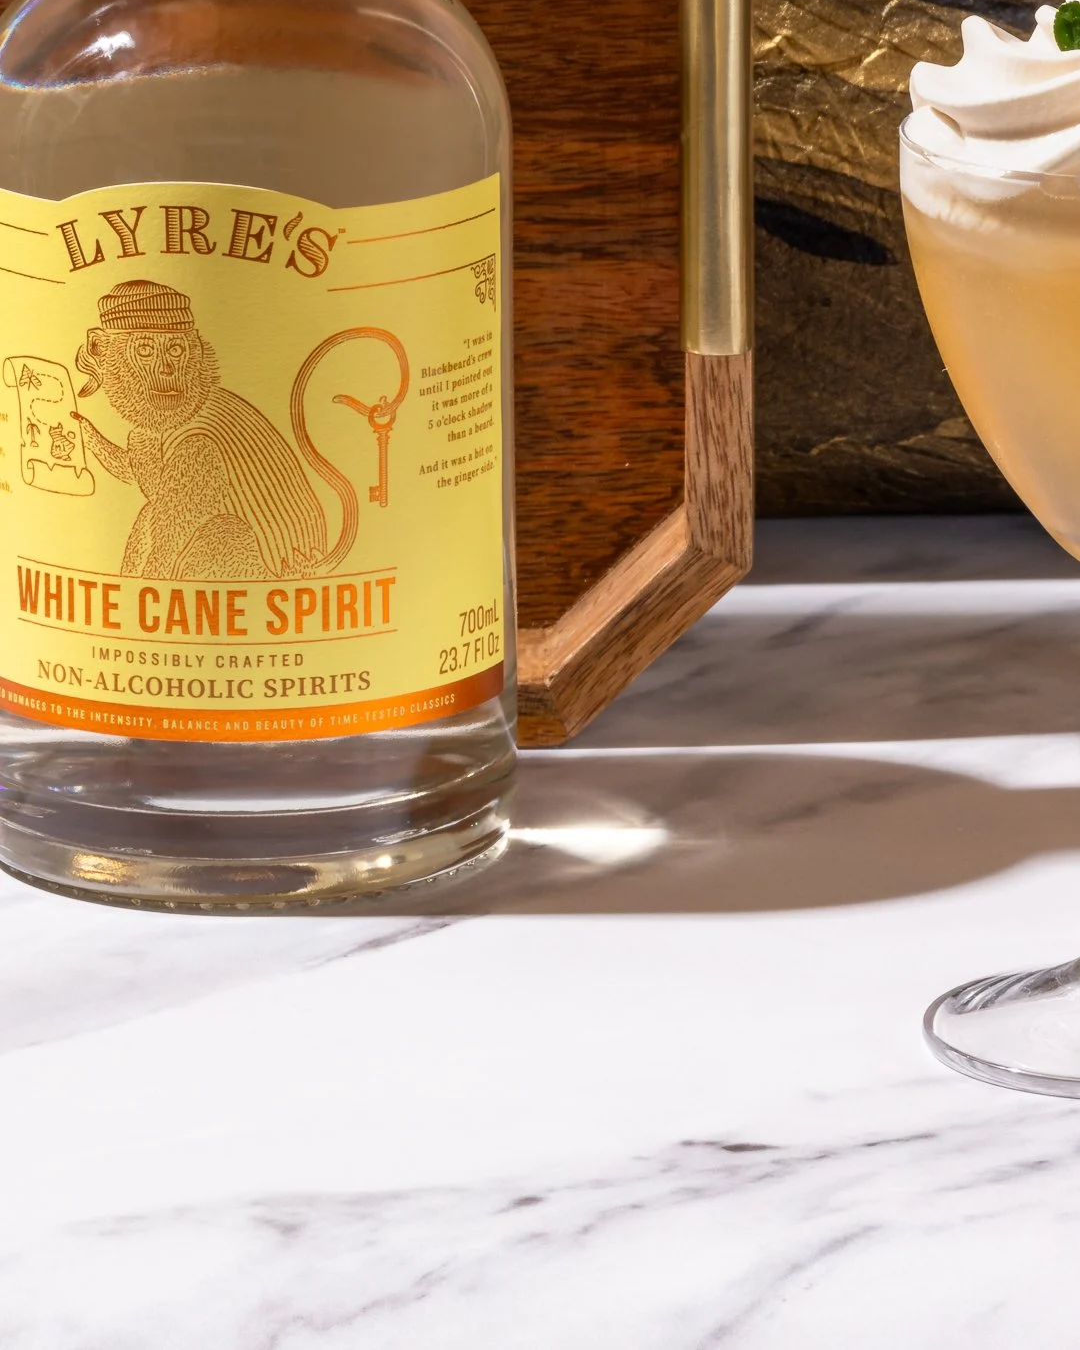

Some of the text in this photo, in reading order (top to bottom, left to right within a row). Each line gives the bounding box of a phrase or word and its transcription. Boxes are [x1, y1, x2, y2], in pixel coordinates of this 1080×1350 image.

[56, 205, 338, 278] LYRE'S
[472, 334, 485, 346] was
[421, 349, 493, 378] Blackbeard's crew
[419, 381, 443, 396] until
[452, 368, 481, 392] pointed
[432, 400, 439, 411] it
[442, 397, 458, 408] was
[460, 390, 480, 403] more
[481, 382, 488, 395] of
[428, 401, 493, 430] 5 o'clock shadow
[447, 430, 467, 442] than
[468, 427, 473, 436] a
[418, 444, 493, 475] And it was a bit on
[437, 477, 452, 488] the
[454, 468, 480, 487] ginger
[17, 564, 396, 637] WHITE CANE SPIRIT
[459, 598, 500, 638] 700mL
[91, 646, 304, 670] IMPOSSIBLY CRAFTED
[439, 641, 471, 675] 23.7
[487, 631, 500, 658] Oz
[37, 659, 372, 700] NON-ALCOHOLIC SPIRITS
[8, 690, 47, 712] HOMAGES
[50, 703, 62, 715] TO
[66, 706, 86, 720] THE
[162, 718, 219, 732] BALANCE
[225, 721, 250, 732] AND
[255, 719, 304, 731] BEAUTY
[309, 717, 324, 728] OF
[329, 706, 406, 726] TIME-TESTED
[409, 693, 456, 715] CLASSICS
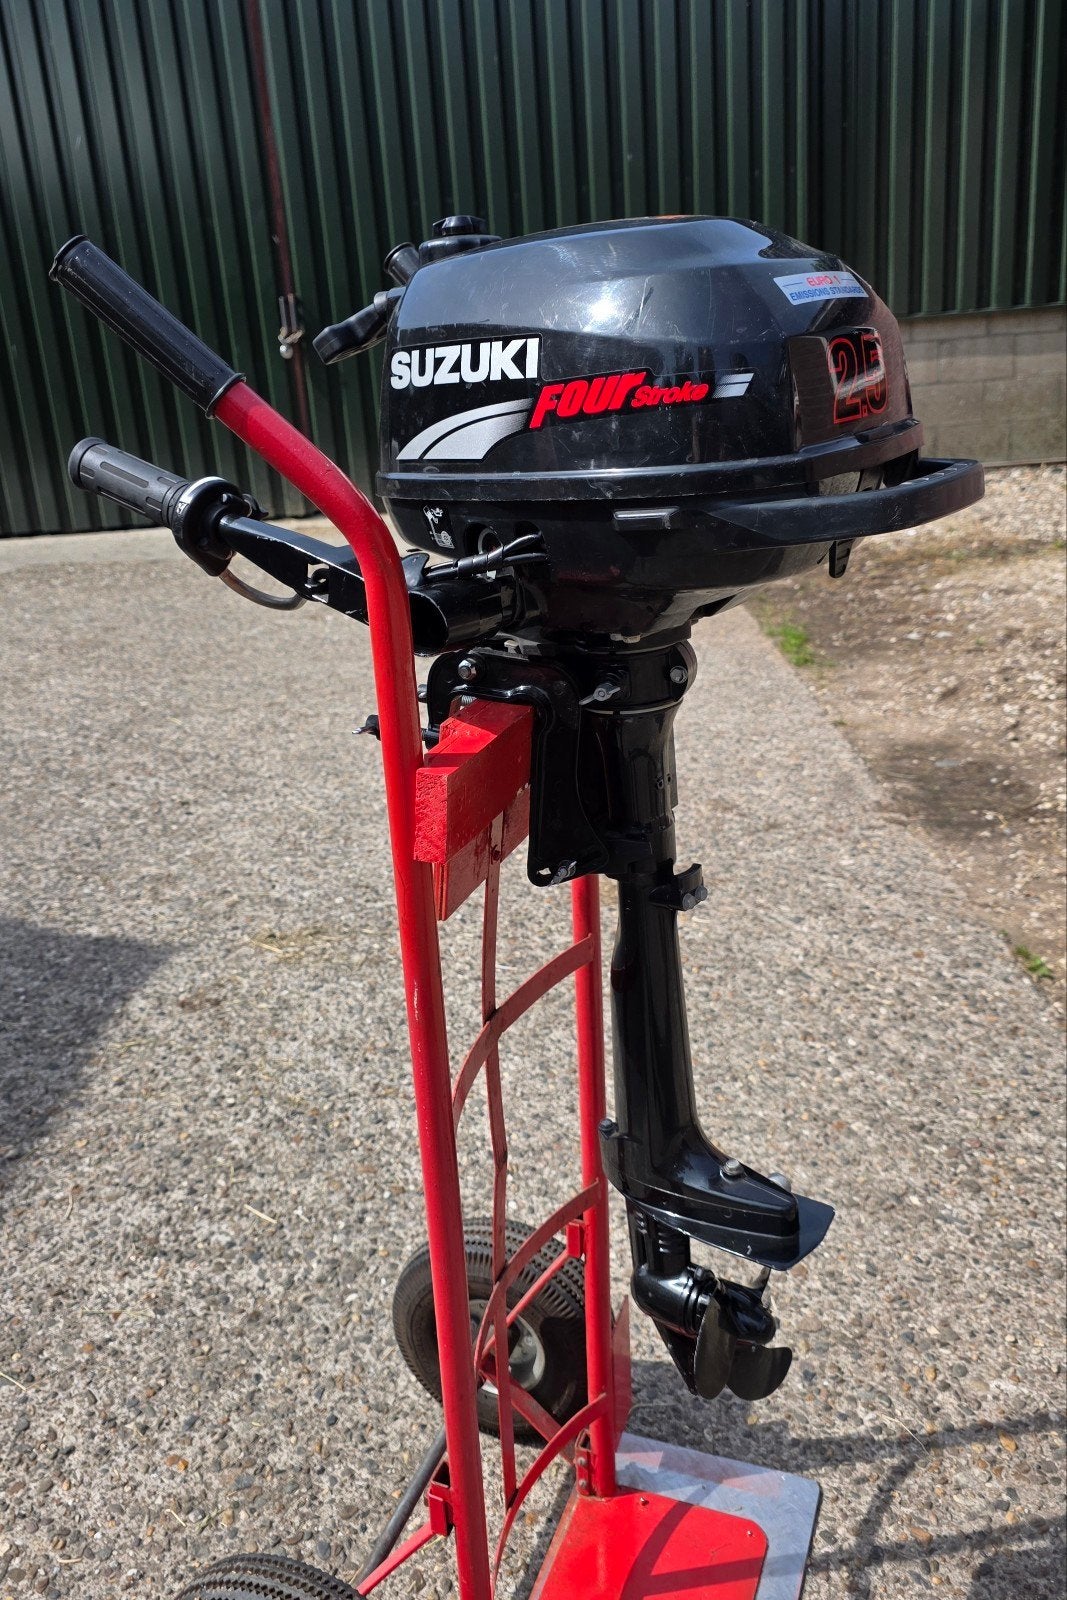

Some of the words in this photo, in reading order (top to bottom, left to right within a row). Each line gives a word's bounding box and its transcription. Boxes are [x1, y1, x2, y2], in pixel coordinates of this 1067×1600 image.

[789, 286, 831, 301] EMISSIONS
[830, 285, 865, 296] STANDARDS
[806, 275, 833, 287] EURO
[390, 337, 540, 390] SUZUKI
[828, 333, 888, 424] 2.5
[631, 381, 710, 408] Stroke
******
Leave out the pictures and output the rest of the records exactly.

Some of the text in this photo, in reading order (top to bottom, left to right within a row). Each line gives the bounding box of a phrase or word and its transcription. Boxes are [x1, y1, x2, y2], in pixel coordinates of this 1080×1350 image.

[56, 205, 338, 278] LYRE'S
[472, 334, 485, 346] was
[421, 349, 493, 378] Blackbeard's crew
[419, 381, 443, 396] until
[452, 368, 481, 392] pointed
[432, 400, 439, 411] it
[442, 397, 458, 408] was
[460, 390, 480, 403] more
[481, 382, 488, 395] of
[428, 401, 493, 430] 5 o'clock shadow
[447, 430, 467, 442] than
[468, 427, 473, 436] a
[418, 444, 493, 475] And it was a bit on
[437, 477, 452, 488] the
[454, 468, 480, 487] ginger
[17, 564, 396, 637] WHITE CANE SPIRIT
[459, 598, 500, 638] 700mL
[91, 646, 304, 670] IMPOSSIBLY CRAFTED
[439, 641, 471, 675] 23.7
[487, 631, 500, 658] Oz
[37, 659, 372, 700] NON-ALCOHOLIC SPIRITS
[8, 690, 47, 712] HOMAGES
[50, 703, 62, 715] TO
[66, 706, 86, 720] THE
[162, 718, 219, 732] BALANCE
[225, 721, 250, 732] AND
[255, 719, 304, 731] BEAUTY
[309, 717, 324, 728] OF
[329, 706, 406, 726] TIME-TESTED
[409, 693, 456, 715] CLASSICS

Some of the words in this photo, in reading order (top to bottom, left to right within a row). Each line gives a word's bounding box and its transcription. Boxes are [x1, y1, x2, y2], in pixel coordinates of this 1067×1600 image.

[789, 286, 831, 301] EMISSIONS
[830, 285, 865, 296] STANDARDS
[806, 275, 833, 287] EURO
[390, 337, 540, 390] SUZUKI
[828, 333, 888, 424] 2.5
[631, 381, 710, 408] Stroke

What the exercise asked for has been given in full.